* _EXERCISE DIRECTIONS_: Transcribe each line of the records below exactly, excluding any embedded images.

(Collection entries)
- - - -
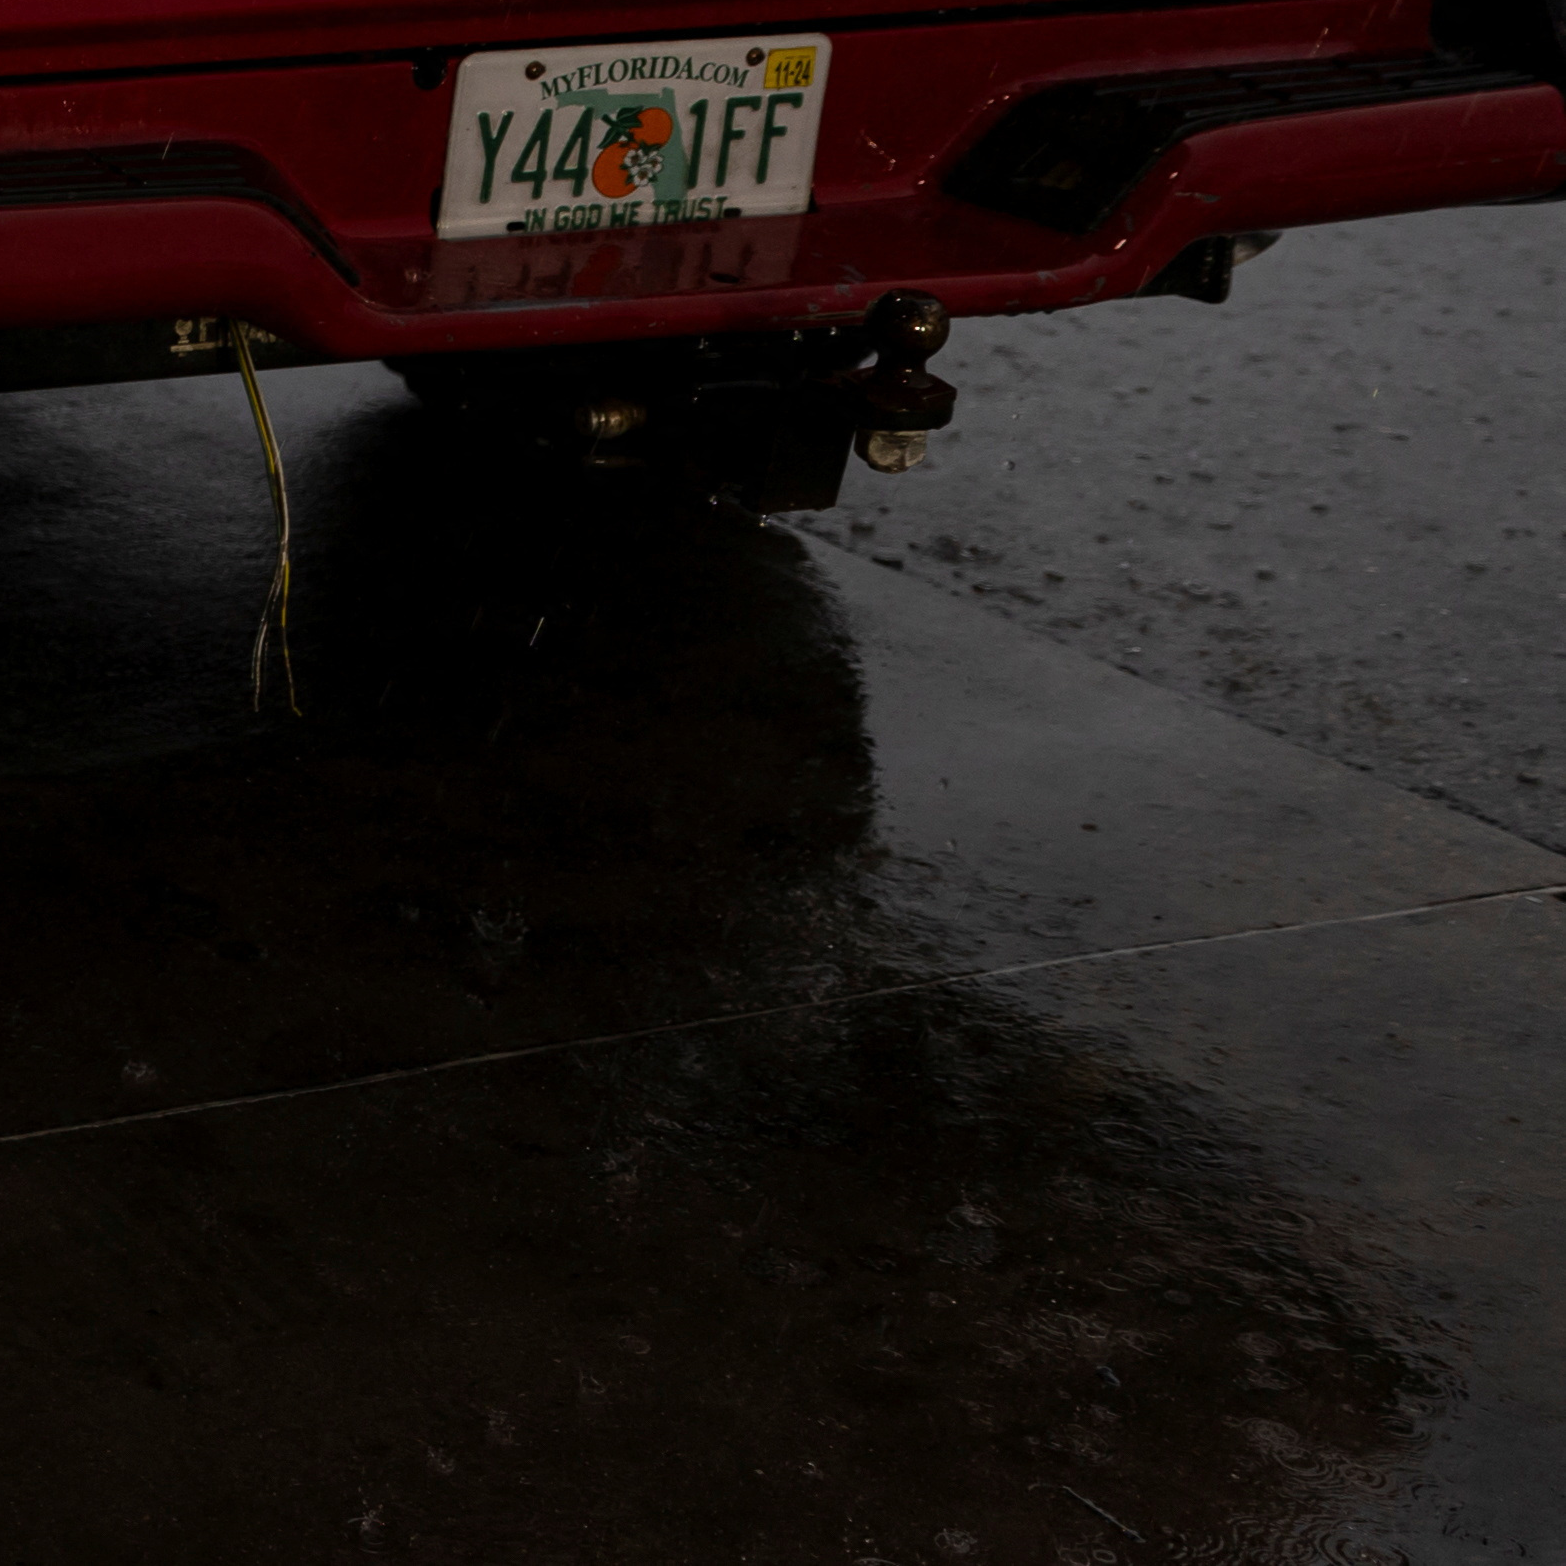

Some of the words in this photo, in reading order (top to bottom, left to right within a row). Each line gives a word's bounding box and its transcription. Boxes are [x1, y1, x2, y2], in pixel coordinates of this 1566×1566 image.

[540, 55, 750, 101] MYFLORIDA.COM
[773, 58, 812, 86] 11-24
[477, 105, 594, 204] Y44
[686, 91, 803, 190] 1FF
[523, 206, 549, 233] IN
[555, 204, 600, 231] GOD
[610, 202, 641, 227] WE
[652, 196, 729, 224] TRUST
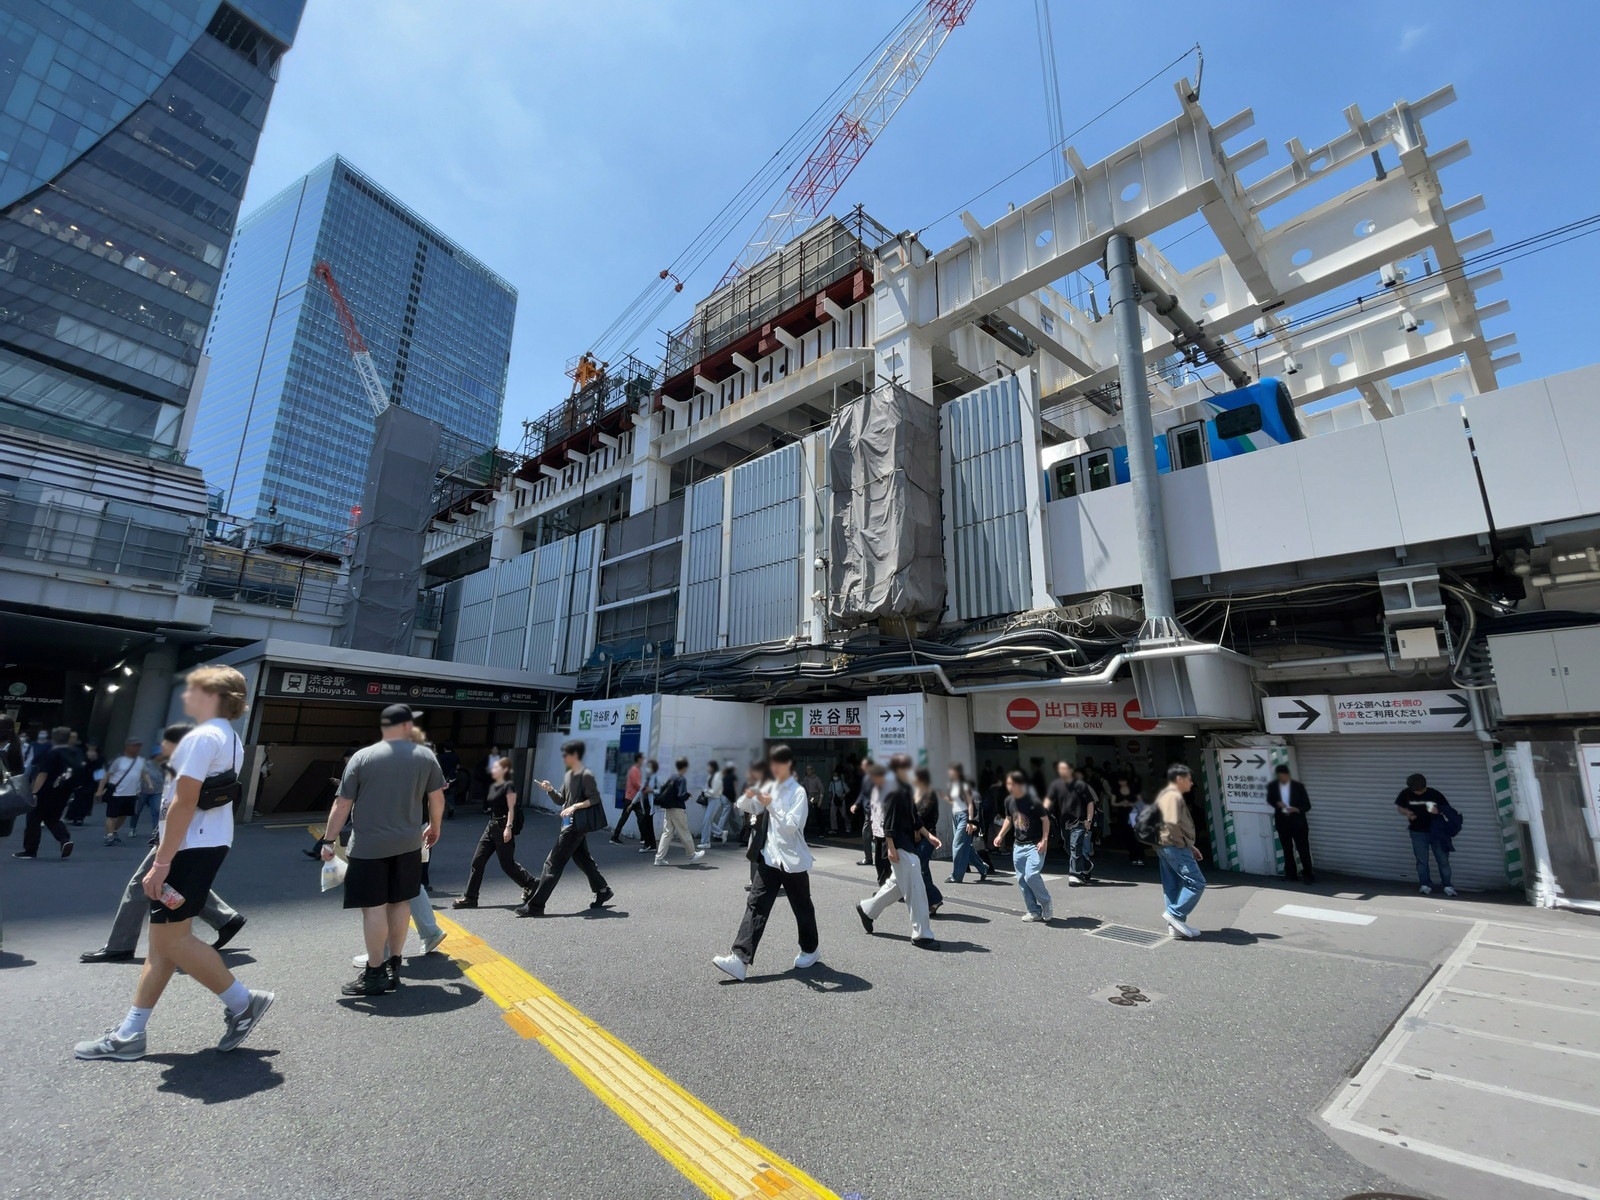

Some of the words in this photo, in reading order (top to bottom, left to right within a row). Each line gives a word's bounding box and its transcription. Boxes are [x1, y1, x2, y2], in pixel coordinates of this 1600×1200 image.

[309, 674, 346, 686] 渋谷駅
[308, 686, 341, 696] Shibuya
[342, 688, 358, 696] Sta.
[1045, 702, 1118, 718] 出口専用
[1339, 699, 1422, 710] ハチ公側へは右側の
[580, 711, 592, 724] JR
[593, 711, 610, 722] 渋谷駅
[630, 709, 639, 720] B7
[775, 711, 797, 728] JR
[809, 707, 860, 725] 渋谷駅
[1336, 709, 1427, 719] 歩道をご利用ください
[1063, 721, 1079, 729] EXIT
[1083, 721, 1103, 729] ONLY
[811, 726, 838, 736] 入口専用
[236, 1017, 252, 1031] N
[100, 1041, 115, 1053] N
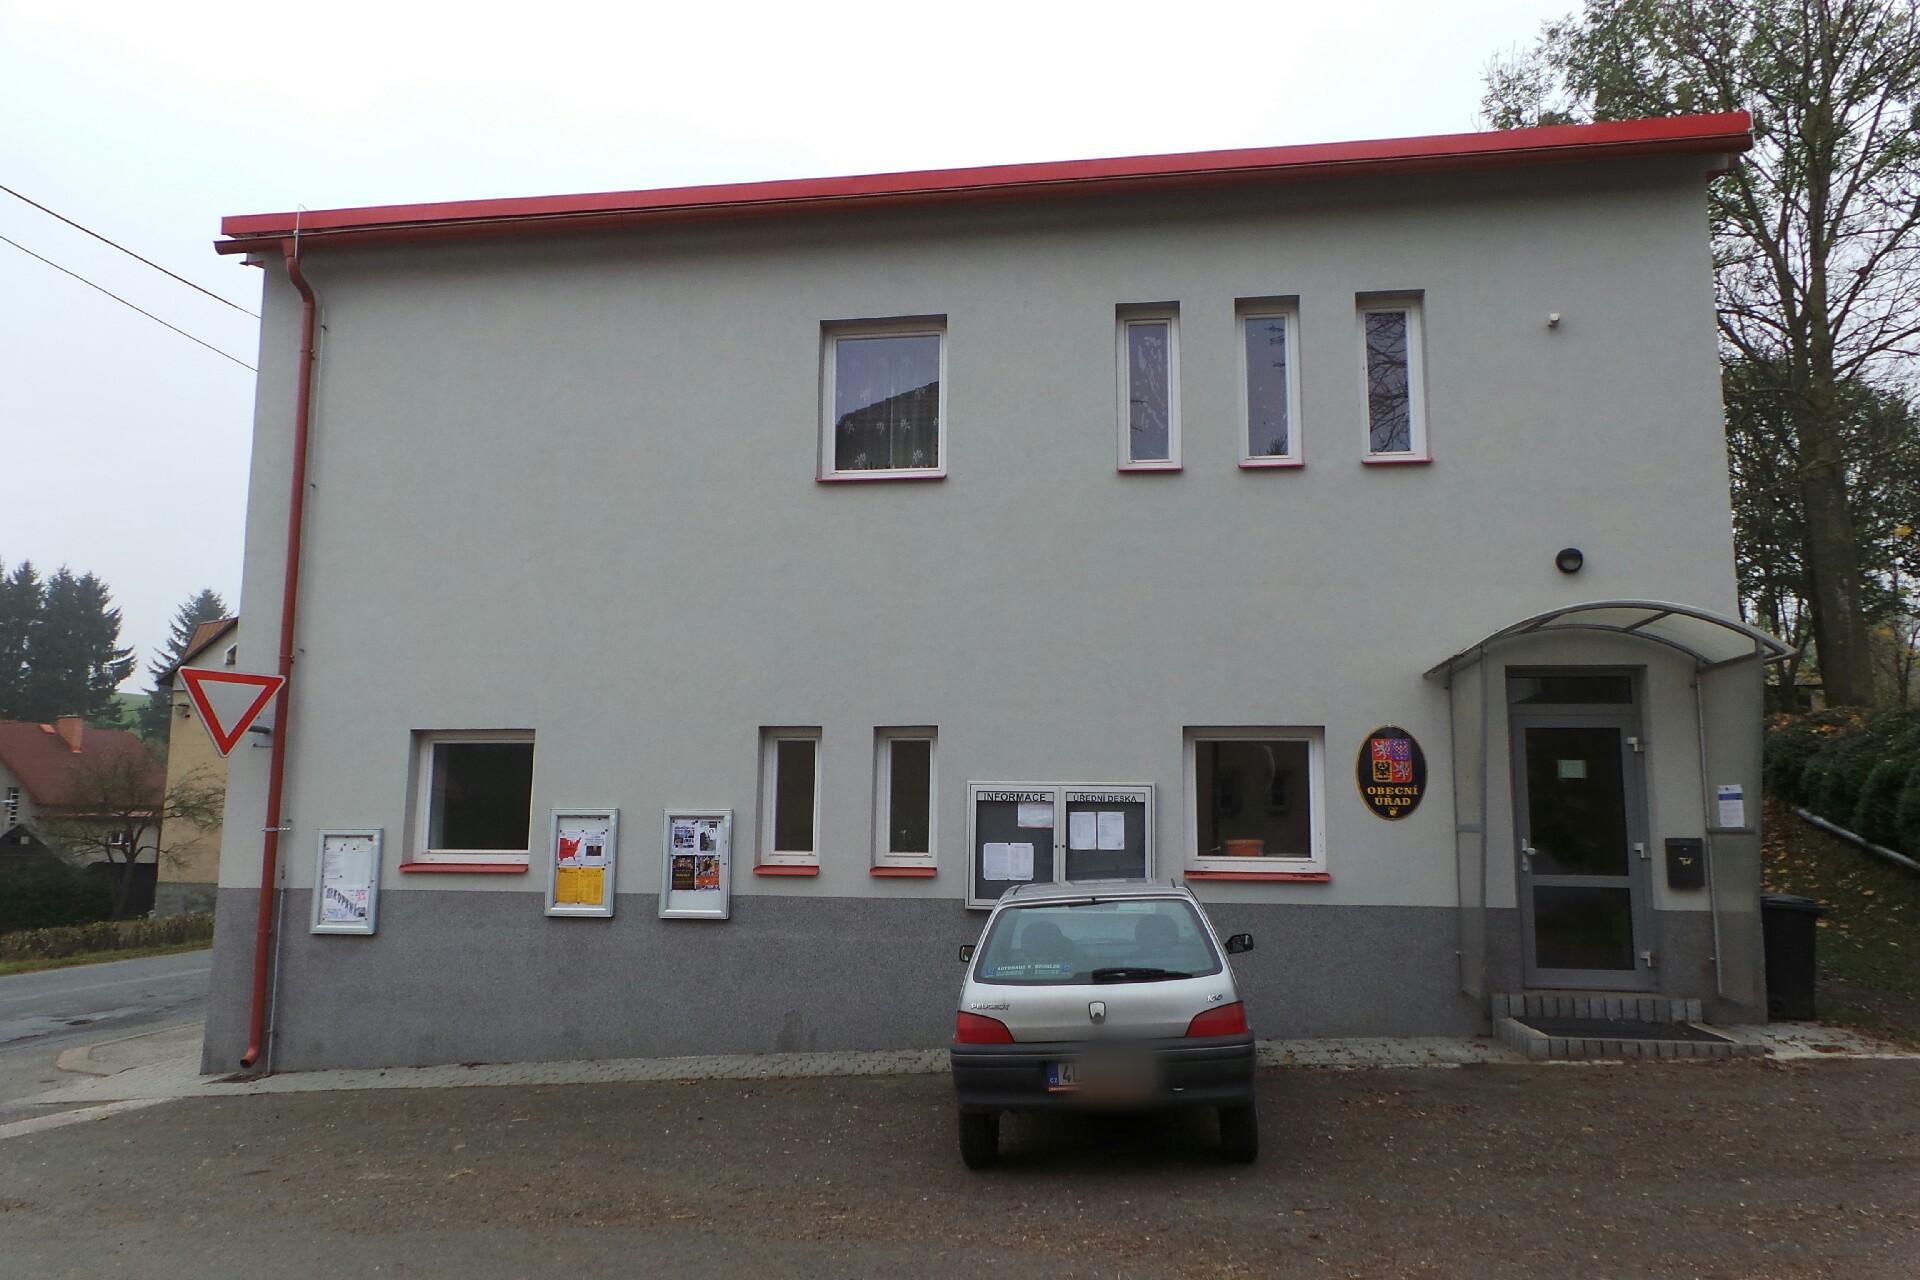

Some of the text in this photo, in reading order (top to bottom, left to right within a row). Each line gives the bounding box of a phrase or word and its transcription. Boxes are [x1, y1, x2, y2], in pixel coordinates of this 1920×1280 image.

[1367, 785, 1419, 795] OBECNÍ
[984, 792, 1046, 802] INFORMACE
[1107, 794, 1137, 803] DESKA
[1374, 795, 1411, 806] ÚŘAD
- - - -
* _WRITTEN SOLUTION_:
Some of the words in this photo, in reading order (top to bottom, left to right within a row). Each line gives a word's bounding box and its transcription. Boxes are [x1, y1, x2, y2], in pixel coordinates of this 1566×1566 image.

[540, 55, 750, 101] MYFLORIDA.COM
[773, 58, 812, 86] 11-24
[477, 105, 594, 204] Y44
[686, 91, 803, 190] 1FF
[523, 206, 549, 233] IN
[555, 204, 600, 231] GOD
[610, 202, 641, 227] WE
[652, 196, 729, 224] TRUST

Some of the words in this photo, in reading order (top to bottom, left to right within a row). Each line gives a word's bounding box and its transcription. Boxes are [x1, y1, x2, y2], in pixel coordinates of this 1600×1200 image.

[309, 674, 346, 686] 渋谷駅
[308, 686, 341, 696] Shibuya
[342, 688, 358, 696] Sta.
[1045, 702, 1118, 718] 出口専用
[1339, 699, 1422, 710] ハチ公側へは右側の
[580, 711, 592, 724] JR
[593, 711, 610, 722] 渋谷駅
[630, 709, 639, 720] B7
[775, 711, 797, 728] JR
[809, 707, 860, 725] 渋谷駅
[1336, 709, 1427, 719] 歩道をご利用ください
[1063, 721, 1079, 729] EXIT
[1083, 721, 1103, 729] ONLY
[811, 726, 838, 736] 入口専用
[236, 1017, 252, 1031] N
[100, 1041, 115, 1053] N

Some of the text in this photo, in reading order (top to bottom, left to right within a row). Each line gives the bounding box of a phrase or word and its transcription. Boxes are [x1, y1, x2, y2], in pixel coordinates of this 1920×1280 image.

[1367, 785, 1419, 795] OBECNÍ
[984, 792, 1046, 802] INFORMACE
[1107, 794, 1137, 803] DESKA
[1374, 795, 1411, 806] ÚŘAD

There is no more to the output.